Kıvılcımlar Uçuşuyor

ADAM

Hassiktir, diye düşündü Adam.

Bu o'ydu.

Süpermarkette ona çarpan sakar kız.

Bunun olma ihtimali neydi?

Kömür siyahı saçları vardı. Mükemmel, dolgun ve koyu renkli dudakları kısmen aralıklıydı. Gözleri parlak zeytin yeşili ve teni zeytin rengiydi.

Vücudunun geri kalanını inceledi.

Evet, bu kesinlikle oydu.
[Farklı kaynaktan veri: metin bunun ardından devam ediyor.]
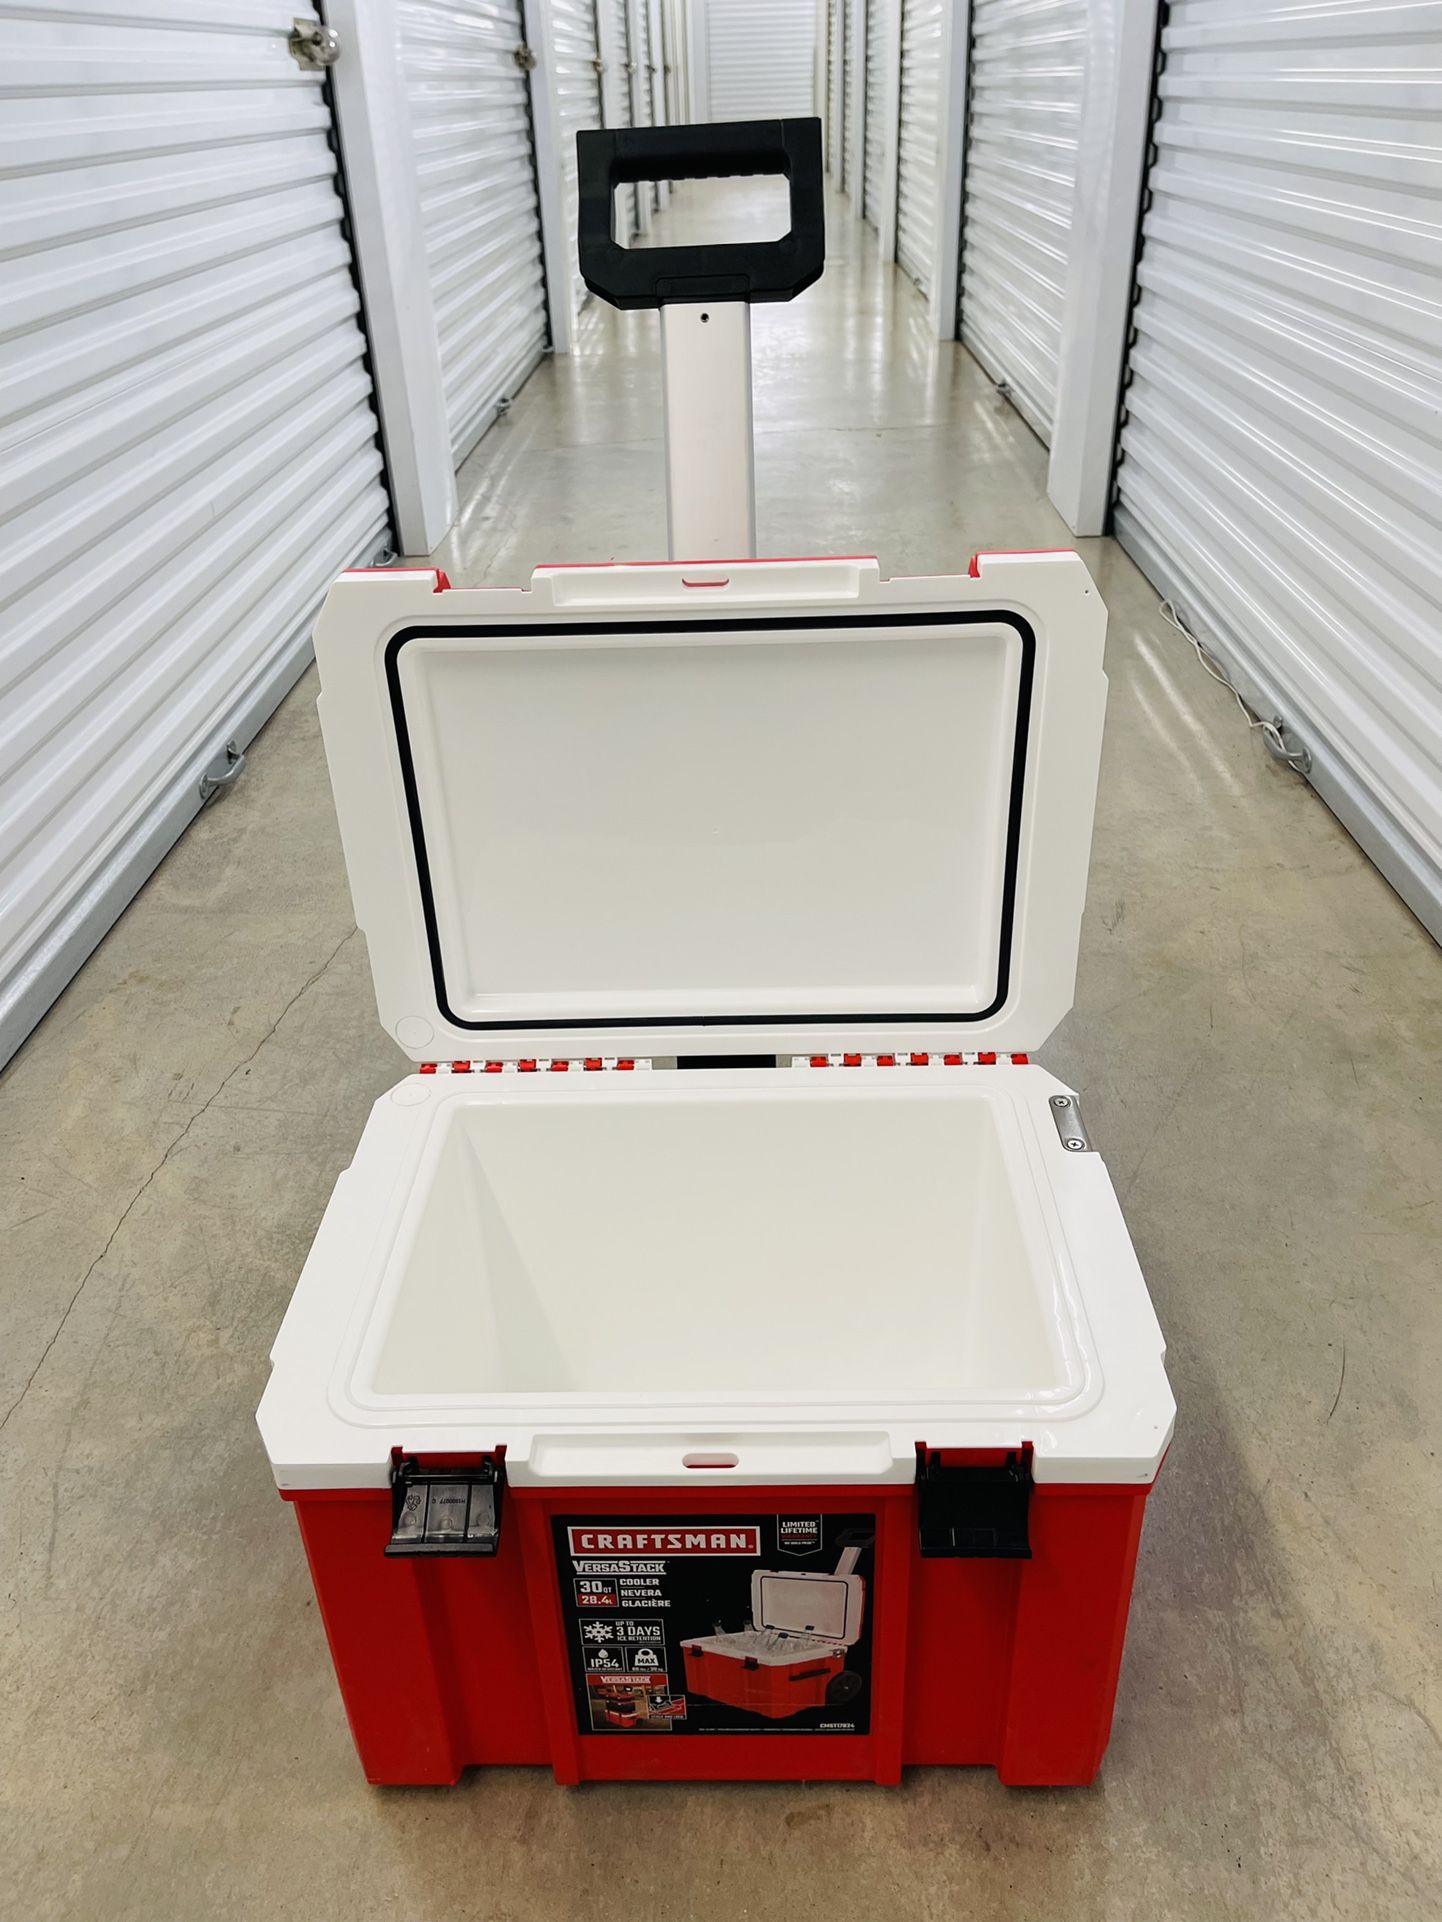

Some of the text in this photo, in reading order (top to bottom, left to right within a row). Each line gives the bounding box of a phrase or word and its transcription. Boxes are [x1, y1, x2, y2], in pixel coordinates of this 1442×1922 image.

[581, 1534, 747, 1549] CRAFTSMAN
[620, 1578, 660, 1586] COOLER
[621, 1589, 662, 1597] NEVERA
[622, 1598, 671, 1607] GLACIÈRE
[616, 1626, 661, 1636] 3 DAYS
[590, 1658, 620, 1668] IP54
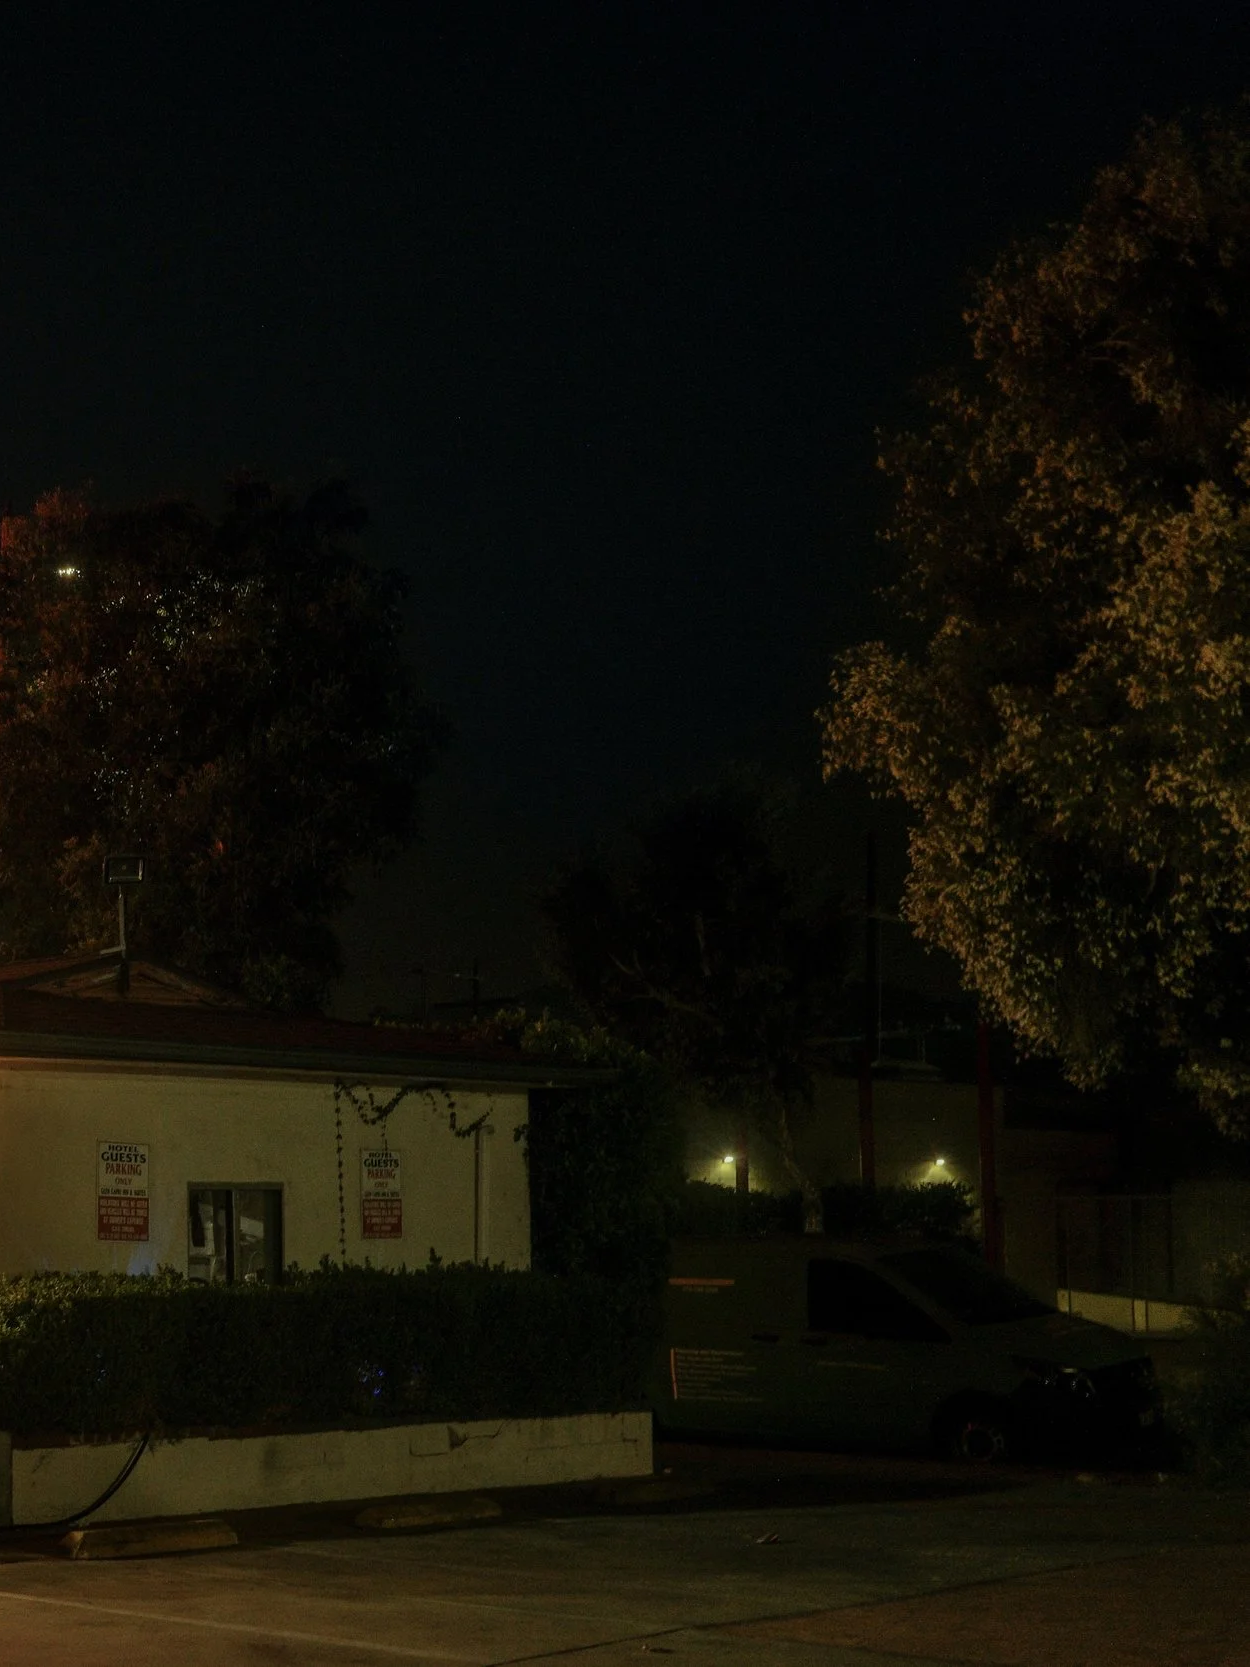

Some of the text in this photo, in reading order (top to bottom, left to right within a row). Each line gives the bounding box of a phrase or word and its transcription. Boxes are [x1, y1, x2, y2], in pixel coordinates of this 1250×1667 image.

Öyle seksi bir vücudu bir milyon yıl geçse de unutmazdı.

Bir an için önceliklerini hatırlamaya çalıştı.

Megan'ın evinde kalmak rastgele biriyle yatmakla değil, dikkat çekmemeyle alakalıydı. Yaptığı şeyden sonra Crawford ve eşkıyalarının kendisini bulamamalarını sağlamak.

Onun dünyası zor kazanılmış para, acımasız şiddet ve dikkatsizin tekiysen, ölümden oluşuyordu.

Megan'dan ve ailedeki herkesten sakladığına emin olduğu bir sırdan.

Şimdi saklamaya devam etmesi gereken bir sırdan.

Adam, dudaklarını yalayarak karşısındaki kızı düşündü tekrar.

Yıpranmış bir şort ve düz bir atlet vardı üzerinde.

Gördüğü en berbat kıyafetti. Yine de o, hayal edebileceği en seksi yaratıktı.

Pantolonu birden çok sıkı gelmeye başladı.

Yüzüne baktı. Kendisini tanımasıyla kızın daha da şaşırdığını gördü. Demek ki o da beni hatırlıyor.

Sırıttı.

Megan'ın sesi sessizliği bozdu. "Adam, Kara. Kara, Adam."

İkisi de cevap vermeyince Megan gözlerini kısarak onlara baktı.

"Ne oldu? Daha önce tanıştınız mı yoksa?"

Kara inkar edemeden Adam soruyu cevapladı. "Arkadaşın dengesini kaybedip süpermarkette üzerime düştü."

Kızın yanaklarının giderek kızardığını gördü.

Daha da sertleşti.

"Ben sana düşmedim."

Sesi vücuduna şok gönderdi. Boğuk, iddialı ve harbiden çok seksi.

"Tabii ki de yaptın," dedi miskince, bir önemi yokmuşçasına. Pantolonundaki rahatsızlık kızın kendisini ne kadar etkilediğinin tek kanıtıydı.

Daha önce hiçbir kadın onu böyle etkilememişti. Hiç.

Peki vücudu neden on üç yaşında azgın bir pislik gibi davranıyordu?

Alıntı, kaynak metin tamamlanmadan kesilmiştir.